Background Systemic lupus erythematosus is associated with poorer survival in developing countries in adults. However, there is limited data on survival and causes of death in childhood lupus

Objectives To identify cause, time-trends and predictors of mortality in North Indian children with SLE.

Methods This study included patients with childhood onset lupus who were diagnosed at a North Indian Federally funded university hospital from 1991 to 2014. Patients were included in this study if they fulfilled the ACR 1997 revised criteria for systemic lupus erythematosus and were below the age of 14 years on presentation. Clinical data was extracted from the medical records, to identify etiology in children who had died. To compare time trends of mortality, we divided patients into three cohorts on their year of presentation, i.e. 1991-1998, 1999-2006 and 2007-2013. Survival was estimated by Kaplan-meier analysis and compared using log-rank test. Univariate and multivariate analysis for predictors of mortality was done by cox-regression.

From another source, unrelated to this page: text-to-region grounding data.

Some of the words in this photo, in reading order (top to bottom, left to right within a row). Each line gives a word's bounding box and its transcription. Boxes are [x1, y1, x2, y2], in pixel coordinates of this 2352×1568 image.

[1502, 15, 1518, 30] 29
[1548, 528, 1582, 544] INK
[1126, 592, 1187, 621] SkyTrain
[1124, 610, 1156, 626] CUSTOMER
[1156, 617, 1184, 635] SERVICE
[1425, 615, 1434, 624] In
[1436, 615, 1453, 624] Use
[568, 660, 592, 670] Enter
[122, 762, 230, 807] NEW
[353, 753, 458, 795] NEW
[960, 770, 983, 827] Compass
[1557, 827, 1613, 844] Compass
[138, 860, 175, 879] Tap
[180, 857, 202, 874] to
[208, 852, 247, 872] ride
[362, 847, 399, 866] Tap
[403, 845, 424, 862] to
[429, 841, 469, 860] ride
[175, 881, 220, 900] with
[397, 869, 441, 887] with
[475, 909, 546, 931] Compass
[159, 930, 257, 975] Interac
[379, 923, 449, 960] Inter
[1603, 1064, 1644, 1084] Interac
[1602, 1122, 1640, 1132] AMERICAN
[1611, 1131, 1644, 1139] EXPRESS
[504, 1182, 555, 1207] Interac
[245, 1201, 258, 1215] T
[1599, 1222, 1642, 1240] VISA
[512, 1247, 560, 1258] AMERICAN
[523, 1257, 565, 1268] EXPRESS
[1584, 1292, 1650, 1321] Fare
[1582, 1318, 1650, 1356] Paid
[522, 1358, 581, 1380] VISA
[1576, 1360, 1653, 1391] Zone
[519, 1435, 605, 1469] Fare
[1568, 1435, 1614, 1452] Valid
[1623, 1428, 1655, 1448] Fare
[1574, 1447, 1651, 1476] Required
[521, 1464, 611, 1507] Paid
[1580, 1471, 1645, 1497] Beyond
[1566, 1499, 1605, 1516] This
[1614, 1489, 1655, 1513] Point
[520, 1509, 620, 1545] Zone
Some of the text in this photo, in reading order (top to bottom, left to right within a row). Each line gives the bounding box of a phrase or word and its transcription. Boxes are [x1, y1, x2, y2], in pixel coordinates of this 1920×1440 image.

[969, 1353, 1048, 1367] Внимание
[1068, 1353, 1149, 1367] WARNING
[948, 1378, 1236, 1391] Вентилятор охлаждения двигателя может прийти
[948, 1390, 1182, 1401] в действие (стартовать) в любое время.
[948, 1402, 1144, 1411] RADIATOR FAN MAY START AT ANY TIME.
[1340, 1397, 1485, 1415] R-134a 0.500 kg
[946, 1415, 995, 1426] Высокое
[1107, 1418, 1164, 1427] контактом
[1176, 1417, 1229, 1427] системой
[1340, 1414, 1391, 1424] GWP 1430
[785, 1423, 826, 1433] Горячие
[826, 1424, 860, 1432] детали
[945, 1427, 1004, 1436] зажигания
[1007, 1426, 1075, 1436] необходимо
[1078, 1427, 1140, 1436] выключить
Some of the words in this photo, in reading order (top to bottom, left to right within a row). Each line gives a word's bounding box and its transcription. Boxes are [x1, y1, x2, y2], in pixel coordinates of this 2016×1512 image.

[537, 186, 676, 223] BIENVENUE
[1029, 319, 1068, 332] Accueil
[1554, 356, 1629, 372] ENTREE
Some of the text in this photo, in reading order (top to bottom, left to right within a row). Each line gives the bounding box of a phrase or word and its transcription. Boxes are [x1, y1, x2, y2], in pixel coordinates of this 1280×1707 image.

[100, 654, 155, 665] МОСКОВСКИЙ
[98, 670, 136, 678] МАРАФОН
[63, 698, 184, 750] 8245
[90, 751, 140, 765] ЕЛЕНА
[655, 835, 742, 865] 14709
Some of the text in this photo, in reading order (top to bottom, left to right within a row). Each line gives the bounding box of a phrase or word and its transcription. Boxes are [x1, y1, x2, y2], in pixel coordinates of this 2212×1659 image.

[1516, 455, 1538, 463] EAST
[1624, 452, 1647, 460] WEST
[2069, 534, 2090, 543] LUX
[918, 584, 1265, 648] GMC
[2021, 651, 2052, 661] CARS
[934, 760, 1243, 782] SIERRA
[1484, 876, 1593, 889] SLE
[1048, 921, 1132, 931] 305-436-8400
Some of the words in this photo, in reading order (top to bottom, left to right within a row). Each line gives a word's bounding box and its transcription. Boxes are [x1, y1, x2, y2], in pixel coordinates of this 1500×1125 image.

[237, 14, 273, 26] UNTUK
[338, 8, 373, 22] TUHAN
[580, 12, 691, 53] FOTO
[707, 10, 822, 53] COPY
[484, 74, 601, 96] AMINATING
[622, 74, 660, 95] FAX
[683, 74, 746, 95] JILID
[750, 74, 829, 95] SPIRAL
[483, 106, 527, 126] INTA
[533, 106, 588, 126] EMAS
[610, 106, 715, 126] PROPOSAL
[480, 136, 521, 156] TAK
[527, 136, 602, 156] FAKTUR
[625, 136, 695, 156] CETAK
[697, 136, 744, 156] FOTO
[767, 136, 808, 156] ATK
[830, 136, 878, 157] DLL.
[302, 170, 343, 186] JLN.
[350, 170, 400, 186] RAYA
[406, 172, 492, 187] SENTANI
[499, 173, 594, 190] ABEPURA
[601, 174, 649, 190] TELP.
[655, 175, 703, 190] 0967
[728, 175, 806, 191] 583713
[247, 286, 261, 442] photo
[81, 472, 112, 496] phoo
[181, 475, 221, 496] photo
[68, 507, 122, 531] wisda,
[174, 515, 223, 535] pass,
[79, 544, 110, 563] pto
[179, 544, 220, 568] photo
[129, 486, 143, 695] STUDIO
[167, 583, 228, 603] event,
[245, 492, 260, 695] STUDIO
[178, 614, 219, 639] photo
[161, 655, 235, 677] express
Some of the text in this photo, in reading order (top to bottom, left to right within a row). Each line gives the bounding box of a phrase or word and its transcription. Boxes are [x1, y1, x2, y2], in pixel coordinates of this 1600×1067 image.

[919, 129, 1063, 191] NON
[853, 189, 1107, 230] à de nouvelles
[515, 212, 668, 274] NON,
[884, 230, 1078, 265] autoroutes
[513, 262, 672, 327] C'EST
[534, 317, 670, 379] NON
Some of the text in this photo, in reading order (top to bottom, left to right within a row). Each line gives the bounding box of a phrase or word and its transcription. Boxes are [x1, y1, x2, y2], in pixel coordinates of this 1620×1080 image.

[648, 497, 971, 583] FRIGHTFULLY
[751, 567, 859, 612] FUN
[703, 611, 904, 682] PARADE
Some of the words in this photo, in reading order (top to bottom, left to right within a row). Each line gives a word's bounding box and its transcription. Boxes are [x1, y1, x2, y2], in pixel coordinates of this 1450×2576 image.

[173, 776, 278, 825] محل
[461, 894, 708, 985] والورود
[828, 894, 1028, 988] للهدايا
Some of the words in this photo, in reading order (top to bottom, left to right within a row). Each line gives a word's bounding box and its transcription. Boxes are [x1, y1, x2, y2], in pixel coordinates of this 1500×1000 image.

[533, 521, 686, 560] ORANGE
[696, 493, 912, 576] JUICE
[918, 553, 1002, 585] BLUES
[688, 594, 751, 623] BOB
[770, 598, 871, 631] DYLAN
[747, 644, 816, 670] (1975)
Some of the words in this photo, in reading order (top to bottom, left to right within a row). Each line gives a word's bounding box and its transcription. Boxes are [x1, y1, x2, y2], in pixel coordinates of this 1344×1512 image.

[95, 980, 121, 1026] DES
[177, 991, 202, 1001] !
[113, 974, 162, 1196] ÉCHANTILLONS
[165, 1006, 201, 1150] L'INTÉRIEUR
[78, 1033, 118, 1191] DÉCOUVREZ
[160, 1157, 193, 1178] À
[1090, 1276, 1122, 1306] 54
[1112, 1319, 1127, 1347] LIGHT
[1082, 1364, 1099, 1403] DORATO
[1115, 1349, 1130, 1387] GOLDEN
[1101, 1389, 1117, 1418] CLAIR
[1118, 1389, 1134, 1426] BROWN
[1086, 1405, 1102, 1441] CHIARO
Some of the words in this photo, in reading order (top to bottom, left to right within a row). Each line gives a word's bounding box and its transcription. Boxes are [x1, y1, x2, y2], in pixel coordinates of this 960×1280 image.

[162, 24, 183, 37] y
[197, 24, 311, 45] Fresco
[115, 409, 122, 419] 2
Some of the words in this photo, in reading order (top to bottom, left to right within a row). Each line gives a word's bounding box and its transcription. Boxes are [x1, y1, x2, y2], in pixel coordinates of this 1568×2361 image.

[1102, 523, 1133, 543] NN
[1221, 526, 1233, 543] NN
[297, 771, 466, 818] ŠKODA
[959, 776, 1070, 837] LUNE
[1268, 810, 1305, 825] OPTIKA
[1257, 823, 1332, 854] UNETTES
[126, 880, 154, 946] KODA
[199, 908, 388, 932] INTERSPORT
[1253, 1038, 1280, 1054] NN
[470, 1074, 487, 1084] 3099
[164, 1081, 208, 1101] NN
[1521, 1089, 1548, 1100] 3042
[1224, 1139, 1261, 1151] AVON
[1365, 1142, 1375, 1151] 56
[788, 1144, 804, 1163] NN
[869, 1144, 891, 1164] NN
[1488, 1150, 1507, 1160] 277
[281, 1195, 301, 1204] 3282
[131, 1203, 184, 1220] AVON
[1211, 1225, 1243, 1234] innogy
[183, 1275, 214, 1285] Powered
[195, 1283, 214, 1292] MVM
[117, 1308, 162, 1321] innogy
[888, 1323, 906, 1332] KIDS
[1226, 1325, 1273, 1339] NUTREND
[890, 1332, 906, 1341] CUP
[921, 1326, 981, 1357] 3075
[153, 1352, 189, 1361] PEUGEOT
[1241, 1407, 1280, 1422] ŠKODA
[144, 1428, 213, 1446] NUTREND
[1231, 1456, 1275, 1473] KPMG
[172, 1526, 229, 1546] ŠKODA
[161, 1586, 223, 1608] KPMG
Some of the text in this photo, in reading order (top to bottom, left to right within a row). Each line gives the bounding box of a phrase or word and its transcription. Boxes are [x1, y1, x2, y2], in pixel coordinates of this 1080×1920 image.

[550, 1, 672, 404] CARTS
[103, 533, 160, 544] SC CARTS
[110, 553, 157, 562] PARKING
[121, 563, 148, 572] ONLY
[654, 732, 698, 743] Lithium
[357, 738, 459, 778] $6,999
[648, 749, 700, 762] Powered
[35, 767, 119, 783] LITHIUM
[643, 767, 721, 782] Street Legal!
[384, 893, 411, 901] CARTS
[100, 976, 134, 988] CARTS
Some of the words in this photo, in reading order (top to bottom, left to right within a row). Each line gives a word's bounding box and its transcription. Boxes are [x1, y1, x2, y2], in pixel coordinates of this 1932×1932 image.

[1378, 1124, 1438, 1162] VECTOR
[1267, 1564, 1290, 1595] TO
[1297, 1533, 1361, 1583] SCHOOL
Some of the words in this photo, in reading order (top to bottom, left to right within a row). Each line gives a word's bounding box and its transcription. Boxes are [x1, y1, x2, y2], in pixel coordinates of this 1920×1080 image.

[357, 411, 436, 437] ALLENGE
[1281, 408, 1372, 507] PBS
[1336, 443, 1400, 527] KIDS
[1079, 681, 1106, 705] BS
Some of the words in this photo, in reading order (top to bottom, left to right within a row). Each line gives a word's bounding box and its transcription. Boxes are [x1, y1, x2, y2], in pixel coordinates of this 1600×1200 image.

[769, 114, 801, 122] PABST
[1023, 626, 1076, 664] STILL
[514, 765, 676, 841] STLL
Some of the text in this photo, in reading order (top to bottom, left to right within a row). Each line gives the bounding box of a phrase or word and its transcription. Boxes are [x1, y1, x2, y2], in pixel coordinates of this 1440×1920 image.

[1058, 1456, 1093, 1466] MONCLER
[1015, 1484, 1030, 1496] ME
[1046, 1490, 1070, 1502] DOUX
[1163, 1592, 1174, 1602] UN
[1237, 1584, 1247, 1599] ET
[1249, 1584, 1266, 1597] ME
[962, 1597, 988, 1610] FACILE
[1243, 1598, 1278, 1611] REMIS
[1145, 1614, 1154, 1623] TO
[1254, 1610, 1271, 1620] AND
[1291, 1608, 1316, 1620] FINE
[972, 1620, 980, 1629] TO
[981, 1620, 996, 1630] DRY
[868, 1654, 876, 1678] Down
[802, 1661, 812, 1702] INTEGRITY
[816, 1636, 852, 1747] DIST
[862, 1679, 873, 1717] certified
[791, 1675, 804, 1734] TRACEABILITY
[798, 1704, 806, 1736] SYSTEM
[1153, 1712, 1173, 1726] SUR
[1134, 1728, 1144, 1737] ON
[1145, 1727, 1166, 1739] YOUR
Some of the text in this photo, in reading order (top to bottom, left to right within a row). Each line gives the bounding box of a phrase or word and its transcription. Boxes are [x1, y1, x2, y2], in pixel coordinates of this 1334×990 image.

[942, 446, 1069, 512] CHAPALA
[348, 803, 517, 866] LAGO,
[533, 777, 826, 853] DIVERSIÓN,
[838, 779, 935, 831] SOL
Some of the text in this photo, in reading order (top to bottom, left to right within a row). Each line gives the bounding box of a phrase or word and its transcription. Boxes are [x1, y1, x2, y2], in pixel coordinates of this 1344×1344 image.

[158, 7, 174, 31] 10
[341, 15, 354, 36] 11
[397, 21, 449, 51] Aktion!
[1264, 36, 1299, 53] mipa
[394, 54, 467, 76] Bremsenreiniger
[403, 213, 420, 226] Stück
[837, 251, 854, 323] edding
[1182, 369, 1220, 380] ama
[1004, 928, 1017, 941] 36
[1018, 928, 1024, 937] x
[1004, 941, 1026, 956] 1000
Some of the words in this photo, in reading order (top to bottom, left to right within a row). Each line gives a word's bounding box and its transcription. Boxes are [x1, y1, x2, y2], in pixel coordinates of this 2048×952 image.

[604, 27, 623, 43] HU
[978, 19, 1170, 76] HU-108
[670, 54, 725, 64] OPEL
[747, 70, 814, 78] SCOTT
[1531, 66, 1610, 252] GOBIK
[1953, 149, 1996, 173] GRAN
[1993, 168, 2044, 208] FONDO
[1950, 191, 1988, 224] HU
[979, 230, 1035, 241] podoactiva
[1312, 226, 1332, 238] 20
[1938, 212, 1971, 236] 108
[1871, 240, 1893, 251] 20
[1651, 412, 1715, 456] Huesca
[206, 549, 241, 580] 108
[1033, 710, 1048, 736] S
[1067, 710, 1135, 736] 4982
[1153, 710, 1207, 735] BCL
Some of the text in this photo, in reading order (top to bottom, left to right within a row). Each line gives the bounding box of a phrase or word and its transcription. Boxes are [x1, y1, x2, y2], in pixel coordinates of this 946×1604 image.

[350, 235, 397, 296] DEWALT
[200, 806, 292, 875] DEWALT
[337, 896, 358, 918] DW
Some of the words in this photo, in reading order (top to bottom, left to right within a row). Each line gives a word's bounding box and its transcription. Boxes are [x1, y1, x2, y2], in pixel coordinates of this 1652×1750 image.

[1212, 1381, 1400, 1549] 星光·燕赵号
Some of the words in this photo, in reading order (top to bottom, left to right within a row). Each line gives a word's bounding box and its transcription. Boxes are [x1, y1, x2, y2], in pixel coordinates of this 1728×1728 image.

Results Among the 124 patients with childhood onset SLE who presented to our center, there were 24 deaths (20%). Eleven of these patients (46%) died at the initial visit or within 3 months of presentation. 1, 5 and 10 year survival was 88.3, 77.5 and 70.9% respectively. Common cause of death was presence of both infection and disease activity (42%). Among 11 patients with infection as a cause of death, sepsis, commonly polymicrobial or gram negative, occurred in 7, CNS tuberculosis in 2 and invasive fungal infection in 2. Disease activity related causes of death included active nephritis in 12, NPSLE in 3 and one case of myocarditis, diffuse alveolar hemorrhage and macrophage activation syndrome. The only baseline characteristic, which was a predictor of survival, was serum creatinine (hazard ratio 2.9 (95% CI 1.3 to 6.5)). There was a significant increase in survival from 1992-1998 to 1999-2006 (Figure 1). This was mainly contributed by the major decline in the proportion of patients who died at initial presentation from 25% to 8% in 1992-1998 and 1999-2006 respectively.

Conclusions This cohort of childhood lupus from a center in a developing country found an overall mortality in 20%, with almost half of these occuring at presentation. Presence of active disease and infection were the most common causes. However, there has been an improvement of survival with time.